***** MATERIAL FOR THIS EXERCISE *****

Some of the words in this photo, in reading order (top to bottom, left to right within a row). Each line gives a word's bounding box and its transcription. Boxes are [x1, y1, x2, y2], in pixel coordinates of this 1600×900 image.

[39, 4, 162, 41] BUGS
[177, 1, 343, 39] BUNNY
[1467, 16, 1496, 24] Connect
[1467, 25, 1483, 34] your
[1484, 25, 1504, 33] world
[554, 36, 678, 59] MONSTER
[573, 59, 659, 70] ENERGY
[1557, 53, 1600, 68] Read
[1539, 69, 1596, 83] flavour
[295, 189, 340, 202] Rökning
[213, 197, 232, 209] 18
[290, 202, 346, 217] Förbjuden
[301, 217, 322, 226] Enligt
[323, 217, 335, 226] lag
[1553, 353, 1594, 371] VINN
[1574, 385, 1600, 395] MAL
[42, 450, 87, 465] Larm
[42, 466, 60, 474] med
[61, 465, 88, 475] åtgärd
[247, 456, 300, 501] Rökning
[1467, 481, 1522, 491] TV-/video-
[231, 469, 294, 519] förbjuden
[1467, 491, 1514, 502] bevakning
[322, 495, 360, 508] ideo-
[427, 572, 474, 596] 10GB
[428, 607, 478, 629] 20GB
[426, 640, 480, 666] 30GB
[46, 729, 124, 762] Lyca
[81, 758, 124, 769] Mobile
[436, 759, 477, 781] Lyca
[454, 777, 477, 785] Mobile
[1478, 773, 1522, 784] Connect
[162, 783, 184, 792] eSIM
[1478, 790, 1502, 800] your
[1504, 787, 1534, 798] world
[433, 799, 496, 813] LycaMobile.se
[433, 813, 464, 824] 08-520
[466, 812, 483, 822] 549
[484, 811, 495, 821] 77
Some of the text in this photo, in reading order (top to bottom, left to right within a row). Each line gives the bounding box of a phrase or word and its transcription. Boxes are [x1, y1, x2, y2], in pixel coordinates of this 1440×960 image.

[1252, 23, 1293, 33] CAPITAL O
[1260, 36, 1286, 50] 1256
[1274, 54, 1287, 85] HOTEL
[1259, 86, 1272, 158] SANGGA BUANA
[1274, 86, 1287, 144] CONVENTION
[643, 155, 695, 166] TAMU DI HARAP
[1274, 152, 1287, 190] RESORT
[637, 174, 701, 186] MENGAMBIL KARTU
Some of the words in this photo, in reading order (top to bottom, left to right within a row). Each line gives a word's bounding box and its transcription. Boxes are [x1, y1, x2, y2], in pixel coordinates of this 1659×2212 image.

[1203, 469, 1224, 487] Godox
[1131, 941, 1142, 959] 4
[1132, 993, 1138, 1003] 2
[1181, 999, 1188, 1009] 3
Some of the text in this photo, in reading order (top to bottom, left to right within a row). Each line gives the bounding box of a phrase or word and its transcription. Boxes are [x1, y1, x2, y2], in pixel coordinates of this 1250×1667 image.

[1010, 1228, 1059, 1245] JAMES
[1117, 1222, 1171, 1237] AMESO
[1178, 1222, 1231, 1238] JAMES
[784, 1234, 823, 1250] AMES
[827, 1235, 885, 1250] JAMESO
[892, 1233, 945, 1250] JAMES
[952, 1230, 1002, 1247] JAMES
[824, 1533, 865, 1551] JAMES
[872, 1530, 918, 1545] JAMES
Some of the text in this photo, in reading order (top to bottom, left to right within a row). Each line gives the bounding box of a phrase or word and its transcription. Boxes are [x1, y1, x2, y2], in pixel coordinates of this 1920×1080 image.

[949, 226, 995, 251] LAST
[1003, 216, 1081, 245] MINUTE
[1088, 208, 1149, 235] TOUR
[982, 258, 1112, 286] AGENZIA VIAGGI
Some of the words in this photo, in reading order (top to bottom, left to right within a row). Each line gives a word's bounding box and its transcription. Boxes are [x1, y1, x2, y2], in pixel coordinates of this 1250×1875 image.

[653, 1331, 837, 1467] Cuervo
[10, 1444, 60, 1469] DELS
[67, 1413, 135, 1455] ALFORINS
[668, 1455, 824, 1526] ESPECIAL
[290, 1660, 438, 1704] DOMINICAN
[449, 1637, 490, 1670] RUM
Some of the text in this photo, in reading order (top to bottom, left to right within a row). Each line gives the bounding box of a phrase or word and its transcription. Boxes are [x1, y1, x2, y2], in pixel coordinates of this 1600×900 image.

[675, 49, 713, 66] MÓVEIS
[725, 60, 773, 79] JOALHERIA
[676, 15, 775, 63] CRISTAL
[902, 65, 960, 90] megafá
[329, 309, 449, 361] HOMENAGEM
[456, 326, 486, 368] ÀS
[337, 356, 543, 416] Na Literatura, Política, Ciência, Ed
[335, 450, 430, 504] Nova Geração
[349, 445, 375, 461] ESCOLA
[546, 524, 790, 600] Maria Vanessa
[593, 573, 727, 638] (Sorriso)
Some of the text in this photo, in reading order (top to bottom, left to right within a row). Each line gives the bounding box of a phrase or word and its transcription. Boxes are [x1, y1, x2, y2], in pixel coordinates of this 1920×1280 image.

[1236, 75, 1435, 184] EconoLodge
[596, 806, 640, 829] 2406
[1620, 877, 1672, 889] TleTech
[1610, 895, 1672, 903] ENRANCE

*****

◆ EXERCISE DIRECTIONS ◆
Copy the entries exactly as they appear.

◆ REPLY ◆
Some of the words in this photo, in reading order (top to bottom, left to right within a row). Each line gives a word's bounding box and its transcription. Boxes are [x1, y1, x2, y2], in pixel coordinates of this 1600×900 image.

[39, 4, 162, 41] BUGS
[177, 1, 343, 39] BUNNY
[1467, 16, 1496, 24] Connect
[1467, 25, 1483, 34] your
[1484, 25, 1504, 33] world
[554, 36, 678, 59] MONSTER
[573, 59, 659, 70] ENERGY
[1557, 53, 1600, 68] Read
[1539, 69, 1596, 83] flavour
[295, 189, 340, 202] Rökning
[213, 197, 232, 209] 18
[290, 202, 346, 217] Förbjuden
[301, 217, 322, 226] Enligt
[323, 217, 335, 226] lag
[1553, 353, 1594, 371] VINN
[1574, 385, 1600, 395] MAL
[42, 450, 87, 465] Larm
[42, 466, 60, 474] med
[61, 465, 88, 475] åtgärd
[247, 456, 300, 501] Rökning
[1467, 481, 1522, 491] TV-/video-
[231, 469, 294, 519] förbjuden
[1467, 491, 1514, 502] bevakning
[322, 495, 360, 508] ideo-
[427, 572, 474, 596] 10GB
[428, 607, 478, 629] 20GB
[426, 640, 480, 666] 30GB
[46, 729, 124, 762] Lyca
[81, 758, 124, 769] Mobile
[436, 759, 477, 781] Lyca
[454, 777, 477, 785] Mobile
[1478, 773, 1522, 784] Connect
[162, 783, 184, 792] eSIM
[1478, 790, 1502, 800] your
[1504, 787, 1534, 798] world
[433, 799, 496, 813] LycaMobile.se
[433, 813, 464, 824] 08-520
[466, 812, 483, 822] 549
[484, 811, 495, 821] 77
Some of the text in this photo, in reading order (top to bottom, left to right within a row). Each line gives the bounding box of a phrase or word and its transcription. Boxes are [x1, y1, x2, y2], in pixel coordinates of this 1440×960 image.

[1252, 23, 1293, 33] CAPITAL O
[1260, 36, 1286, 50] 1256
[1274, 54, 1287, 85] HOTEL
[1259, 86, 1272, 158] SANGGA BUANA
[1274, 86, 1287, 144] CONVENTION
[643, 155, 695, 166] TAMU DI HARAP
[1274, 152, 1287, 190] RESORT
[637, 174, 701, 186] MENGAMBIL KARTU
Some of the words in this photo, in reading order (top to bottom, left to right within a row). Each line gives a word's bounding box and its transcription. Boxes are [x1, y1, x2, y2], in pixel coordinates of this 1659×2212 image.

[1203, 469, 1224, 487] Godox
[1131, 941, 1142, 959] 4
[1132, 993, 1138, 1003] 2
[1181, 999, 1188, 1009] 3
Some of the text in this photo, in reading order (top to bottom, left to right within a row). Each line gives the bounding box of a phrase or word and its transcription. Boxes are [x1, y1, x2, y2], in pixel coordinates of this 1250×1667 image.

[1010, 1228, 1059, 1245] JAMES
[1117, 1222, 1171, 1237] AMESO
[1178, 1222, 1231, 1238] JAMES
[784, 1234, 823, 1250] AMES
[827, 1235, 885, 1250] JAMESO
[892, 1233, 945, 1250] JAMES
[952, 1230, 1002, 1247] JAMES
[824, 1533, 865, 1551] JAMES
[872, 1530, 918, 1545] JAMES
Some of the text in this photo, in reading order (top to bottom, left to right within a row). Each line gives the bounding box of a phrase or word and its transcription. Boxes are [x1, y1, x2, y2], in pixel coordinates of this 1920×1080 image.

[949, 226, 995, 251] LAST
[1003, 216, 1081, 245] MINUTE
[1088, 208, 1149, 235] TOUR
[982, 258, 1112, 286] AGENZIA VIAGGI
Some of the words in this photo, in reading order (top to bottom, left to right within a row). Each line gives a word's bounding box and its transcription. Boxes are [x1, y1, x2, y2], in pixel coordinates of this 1250×1875 image.

[653, 1331, 837, 1467] Cuervo
[10, 1444, 60, 1469] DELS
[67, 1413, 135, 1455] ALFORINS
[668, 1455, 824, 1526] ESPECIAL
[290, 1660, 438, 1704] DOMINICAN
[449, 1637, 490, 1670] RUM
Some of the text in this photo, in reading order (top to bottom, left to right within a row). Each line gives the bounding box of a phrase or word and its transcription. Boxes are [x1, y1, x2, y2], in pixel coordinates of this 1600×900 image.

[675, 49, 713, 66] MÓVEIS
[725, 60, 773, 79] JOALHERIA
[676, 15, 775, 63] CRISTAL
[902, 65, 960, 90] megafá
[329, 309, 449, 361] HOMENAGEM
[456, 326, 486, 368] ÀS
[337, 356, 543, 416] Na Literatura, Política, Ciência, Ed
[335, 450, 430, 504] Nova Geração
[349, 445, 375, 461] ESCOLA
[546, 524, 790, 600] Maria Vanessa
[593, 573, 727, 638] (Sorriso)
Some of the text in this photo, in reading order (top to bottom, left to right within a row). Each line gives the bounding box of a phrase or word and its transcription. Boxes are [x1, y1, x2, y2], in pixel coordinates of this 1920×1280 image.

[1236, 75, 1435, 184] EconoLodge
[596, 806, 640, 829] 2406
[1620, 877, 1672, 889] TleTech
[1610, 895, 1672, 903] ENRANCE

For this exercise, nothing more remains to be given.